Interests My research interests include Bayesian modeling, spatial and space-time statistics, categorical data, and applications to environmental and epidemiological data.
Considering Spatial Confounding: Joint work with Kori Kahn in the Department of Statistics at Iowa State University. ArXiv paper
Generalized Poisson-P Regression Estimation: Joint work with Easton Huch, currently a PhD student in Statistics at The University of Michigan.
Bayesian analyses for medical applications: Joint work with Greg Snow in the Department of Statistics at BYU, and two undergraduate students, Abby Kennedy and Emmelia Cieslewicz. This work consists of two projects. The first looks at providing tools to help experts wisely choose prior distributions for treatment means. The second is an approach to correctly measure uncertainty in quantile regression for non-normally distributed residuals.
Examining the spread of COVID-19 through a university community: Joint work with Chantel Sloan in the Health Science Department at BYU and Mike Goodrich in the Computer Science Department at BYU. Using an agent-based model (ABM), we examine impact of different SARS-CoV-2 mitigation strategies on health outcomes. Inputs for the ABM are found using a Bayesian meta-analysis approach.

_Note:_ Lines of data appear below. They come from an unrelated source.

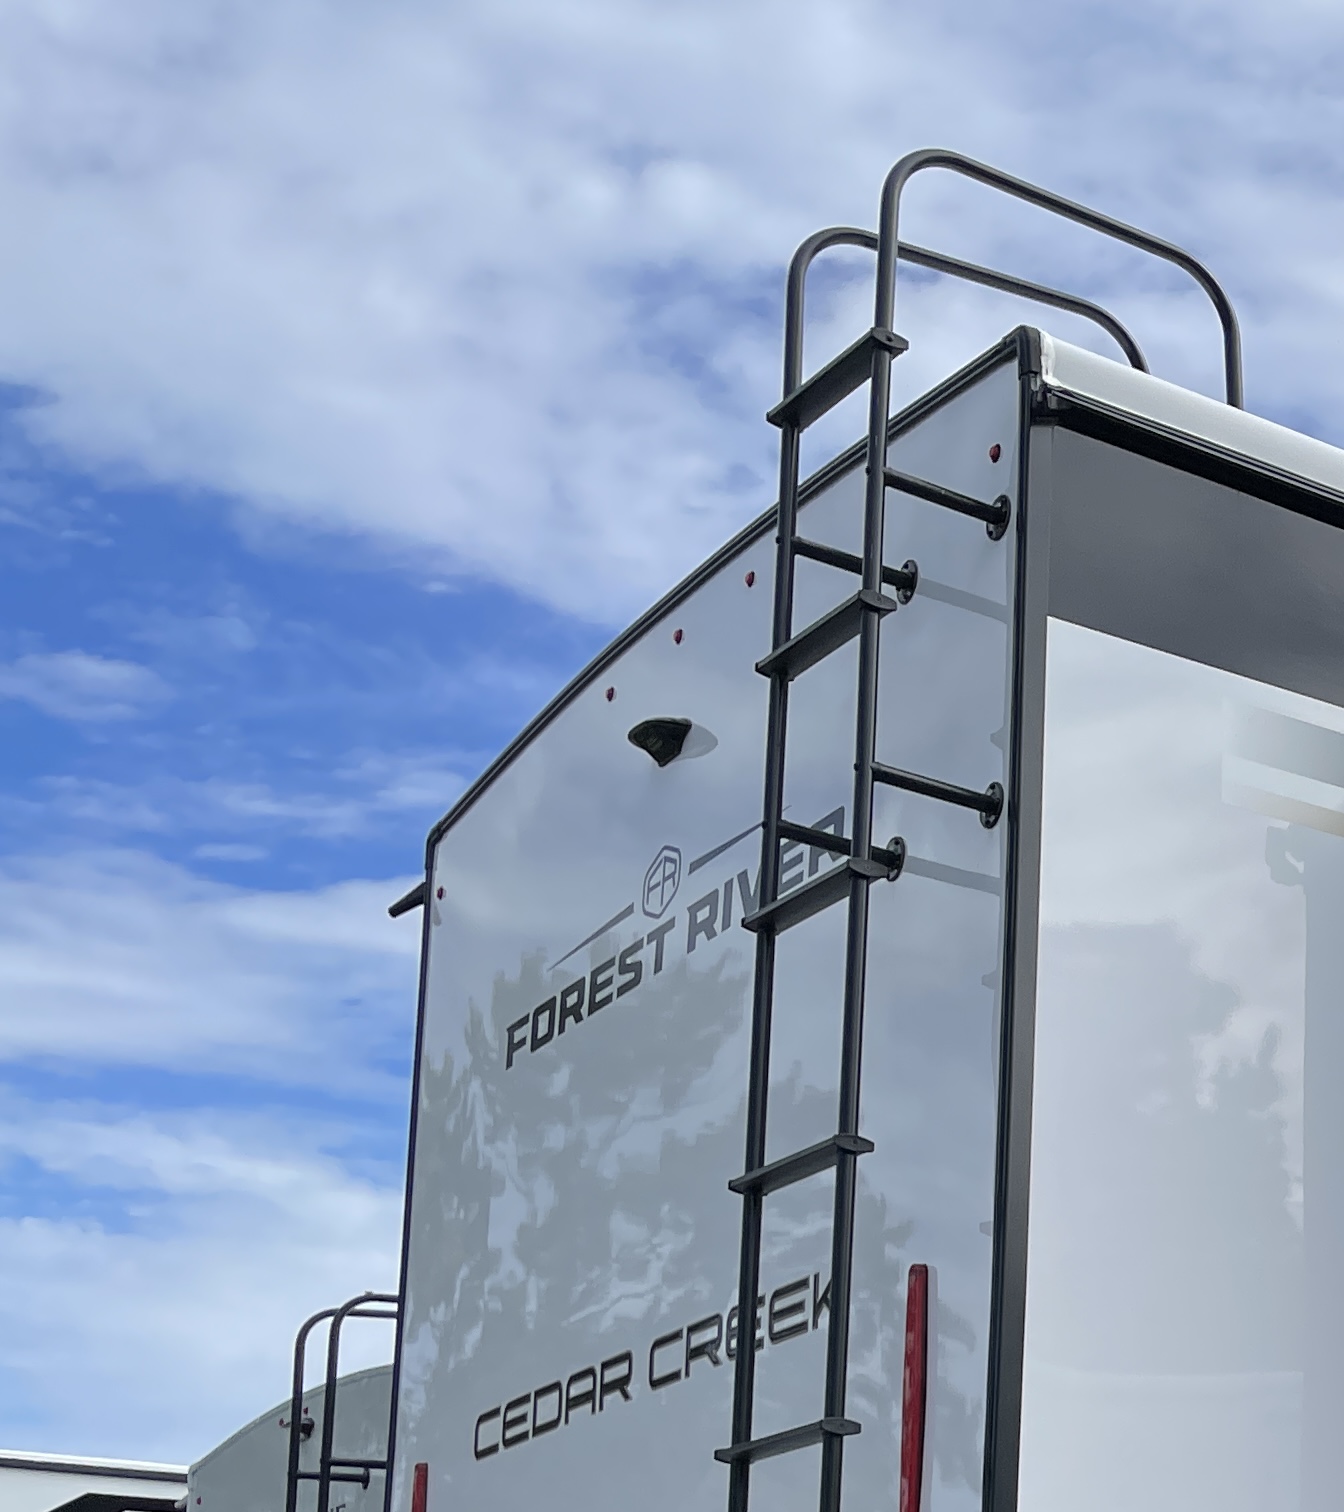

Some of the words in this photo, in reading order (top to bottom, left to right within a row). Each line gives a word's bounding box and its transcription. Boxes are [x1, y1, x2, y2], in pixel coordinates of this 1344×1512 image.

[504, 915, 676, 1071] FOREST
[686, 805, 845, 954] RIVER
[473, 1349, 633, 1461] CEDAR
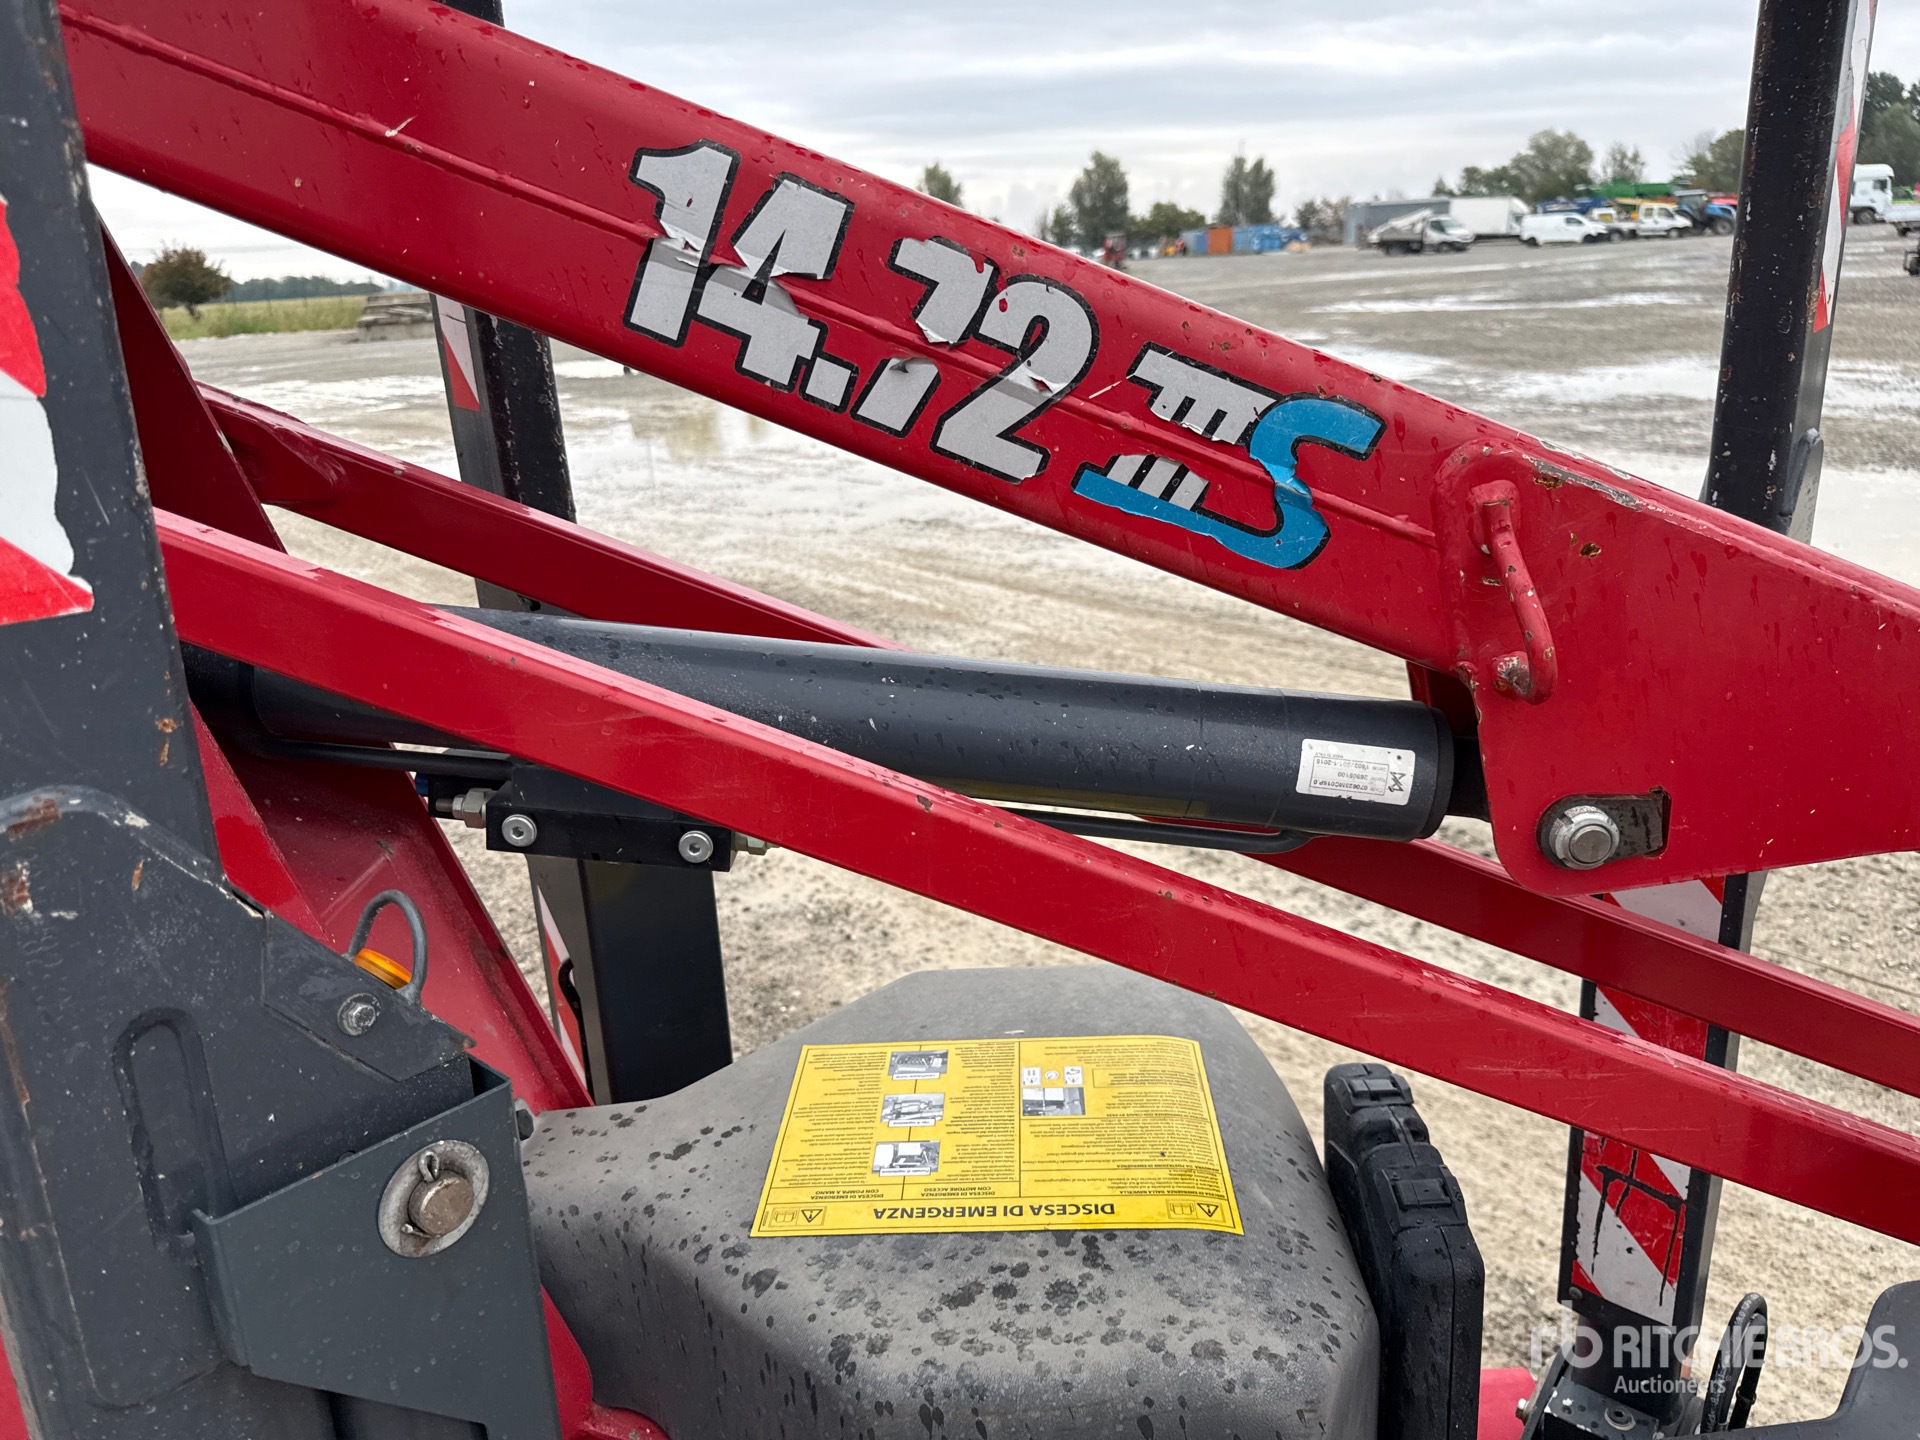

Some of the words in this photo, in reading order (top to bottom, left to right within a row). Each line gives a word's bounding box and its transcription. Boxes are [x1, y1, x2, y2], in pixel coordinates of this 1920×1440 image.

[622, 139, 1101, 484] 14.72
[873, 1205, 997, 1219] EMERGENZA
[1003, 1205, 1022, 1217] DI
[1030, 1203, 1115, 1216] DISCESA
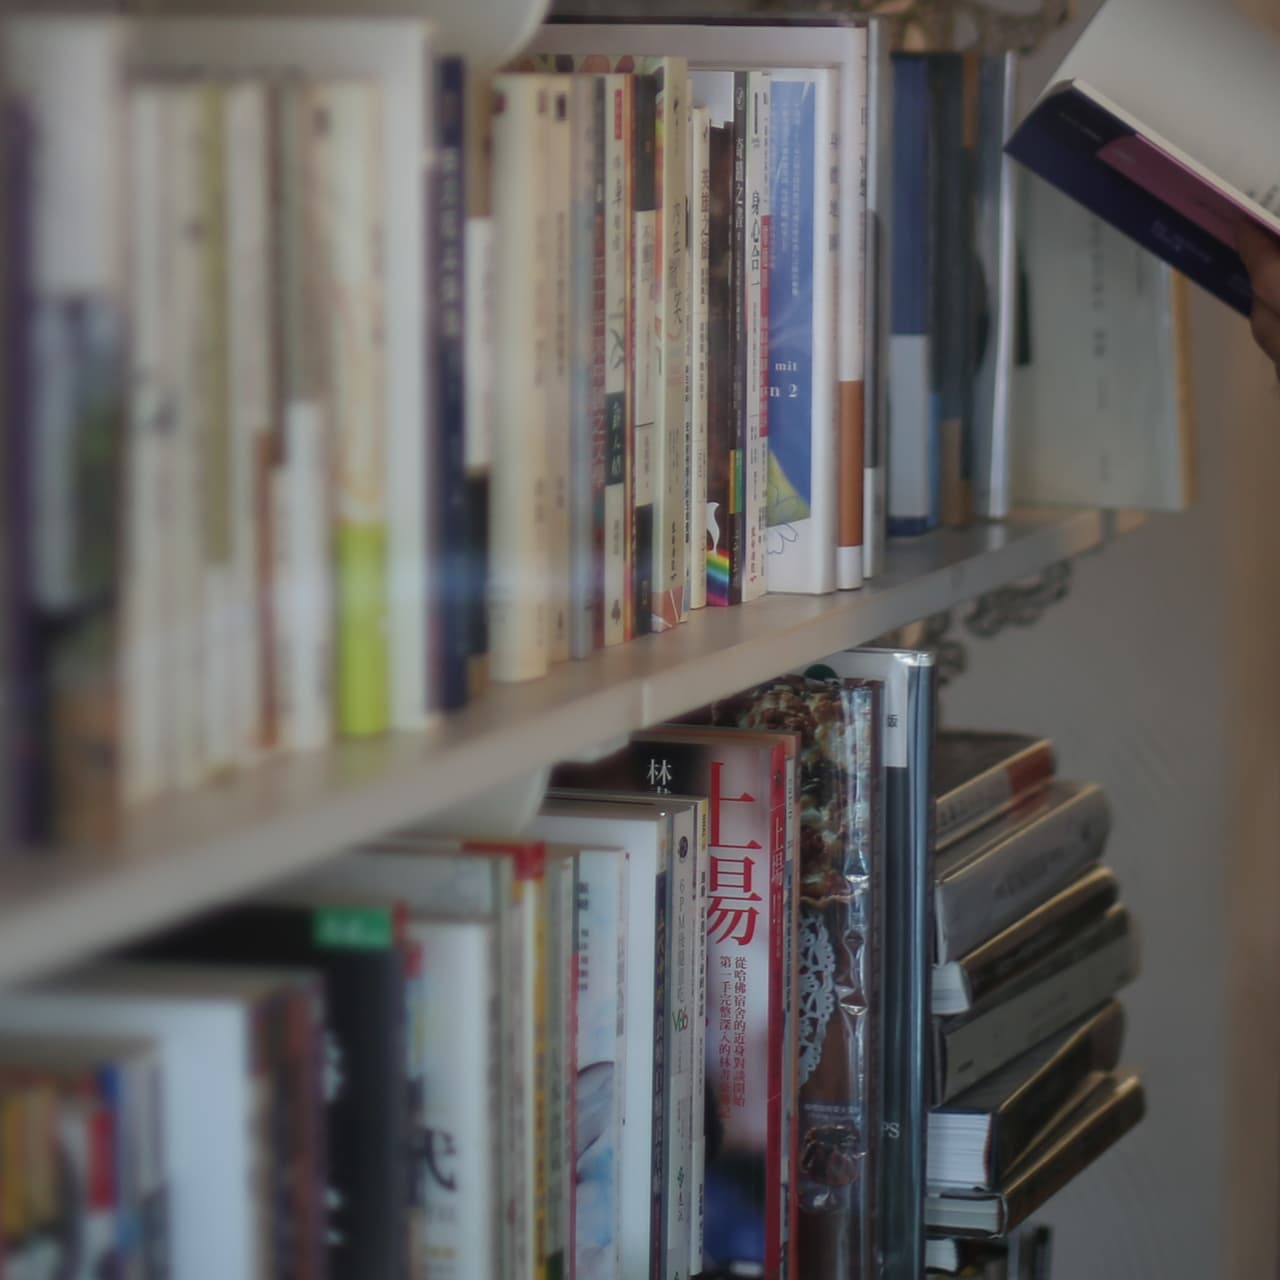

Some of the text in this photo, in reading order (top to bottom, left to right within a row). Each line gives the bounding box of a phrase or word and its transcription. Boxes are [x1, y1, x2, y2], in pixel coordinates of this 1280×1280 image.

Bayesian Spatial Probit Model for Categorical Data: Research building extensively on my dissertation work with Kate Calder at The Ohio State University. R package for binary spatial classification: spProbit (Berrett, C. and Calder, C. A. "Bayesian spatial binary classification," Spatial Statistics, 16, 72-102.)
Scalable Statistical Validation and Uncertainty Quantification for Large Spatio-Temporal Datasets: NSF grant with Matt Heaton and Shane Reese in the Statistics Department at BYU, Will Kleiber in the Applied Math Department at UC-Boulder, and Doug Nychka in the Department of Applied Mathematics and Statistics at Colorado School of Mines.